▶ **WORK INSTRUCTIONS**: Without including any image, repeat every record exactly.

▶ **EXTRACTED INFORMATION**:
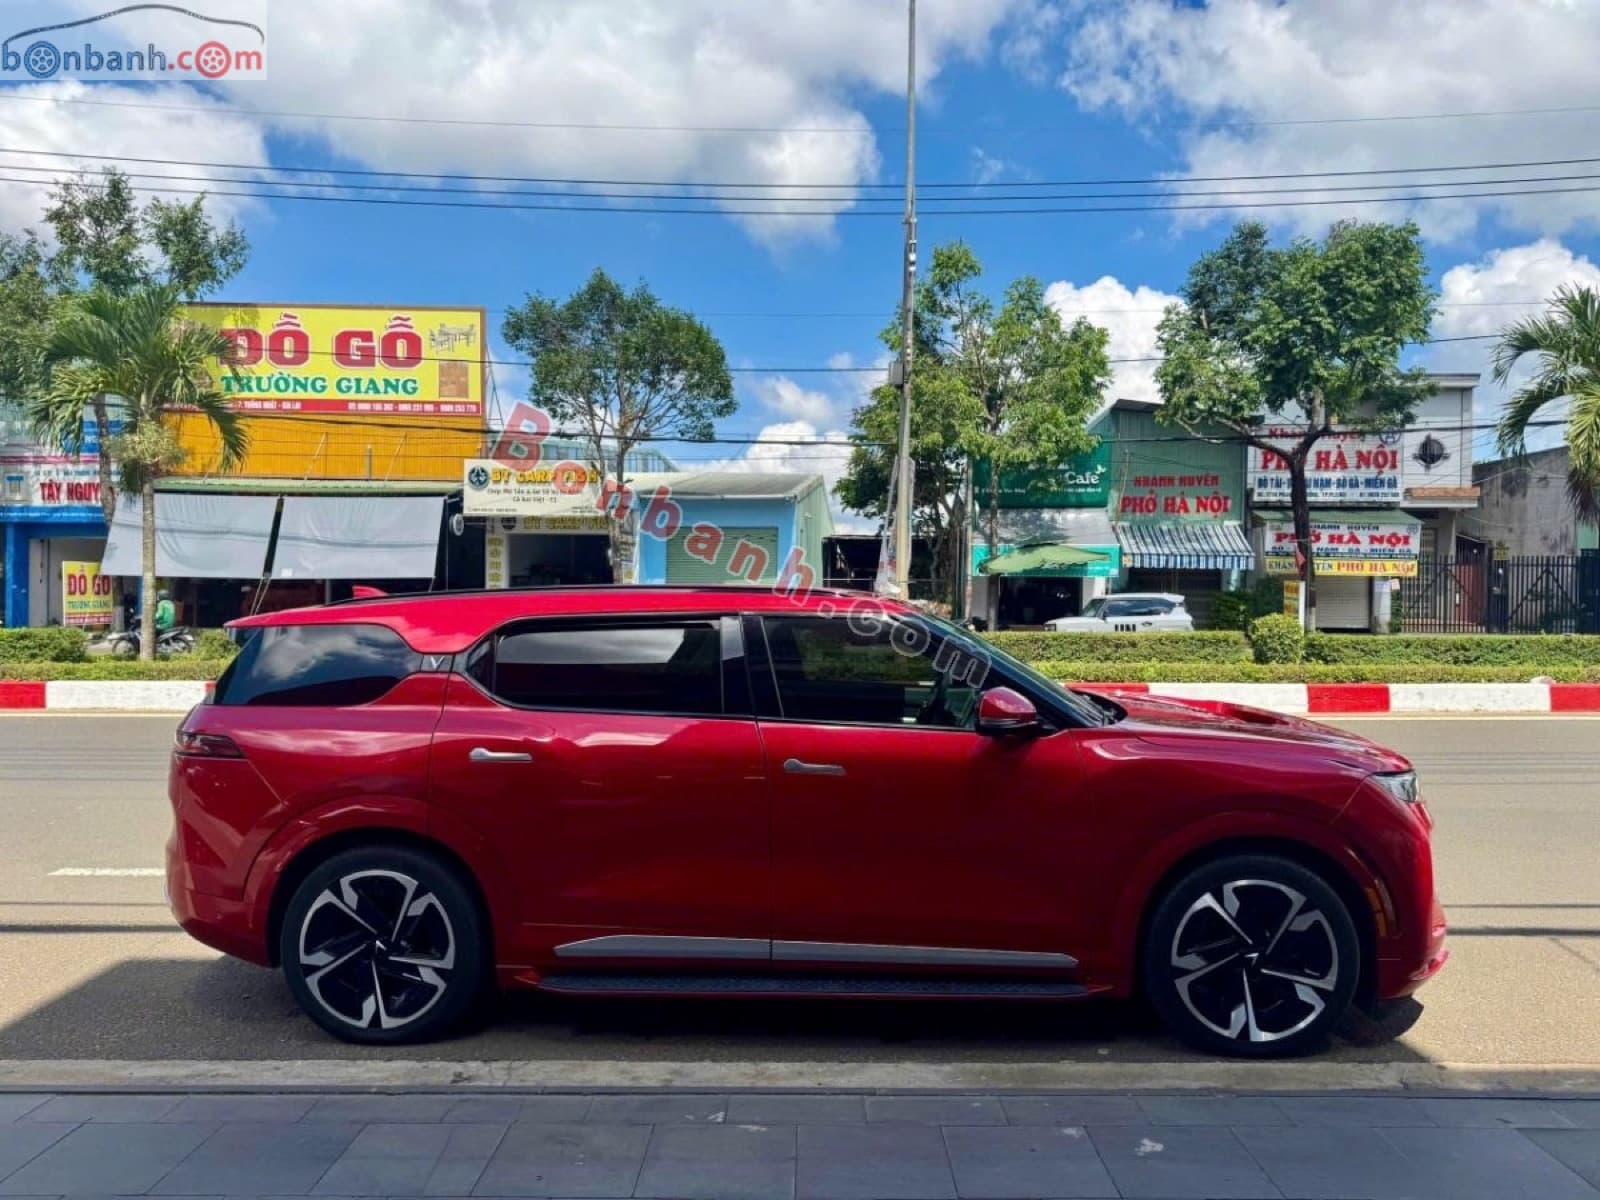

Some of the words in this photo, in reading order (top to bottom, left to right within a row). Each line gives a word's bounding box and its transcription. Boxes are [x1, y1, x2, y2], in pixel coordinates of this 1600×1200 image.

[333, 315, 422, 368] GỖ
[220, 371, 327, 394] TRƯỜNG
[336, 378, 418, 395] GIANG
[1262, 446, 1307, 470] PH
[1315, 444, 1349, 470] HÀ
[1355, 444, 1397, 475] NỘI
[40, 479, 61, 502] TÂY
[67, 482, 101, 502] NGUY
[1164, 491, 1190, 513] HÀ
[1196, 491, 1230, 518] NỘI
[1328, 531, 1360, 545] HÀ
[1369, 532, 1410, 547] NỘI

▶ **WRITTEN RESPONSE**:
Some of the words in this photo, in reading order (top to bottom, left to right within a row). Each line gives a word's bounding box and its transcription. Boxes are [x1, y1, x2, y2], in pixel coordinates of this 1600×1200 image.

[333, 315, 422, 368] GỖ
[220, 371, 327, 394] TRƯỜNG
[336, 378, 418, 395] GIANG
[1262, 446, 1307, 470] PH
[1315, 444, 1349, 470] HÀ
[1355, 444, 1397, 475] NỘI
[40, 479, 61, 502] TÂY
[67, 482, 101, 502] NGUY
[1164, 491, 1190, 513] HÀ
[1196, 491, 1230, 518] NỘI
[1328, 531, 1360, 545] HÀ
[1369, 532, 1410, 547] NỘI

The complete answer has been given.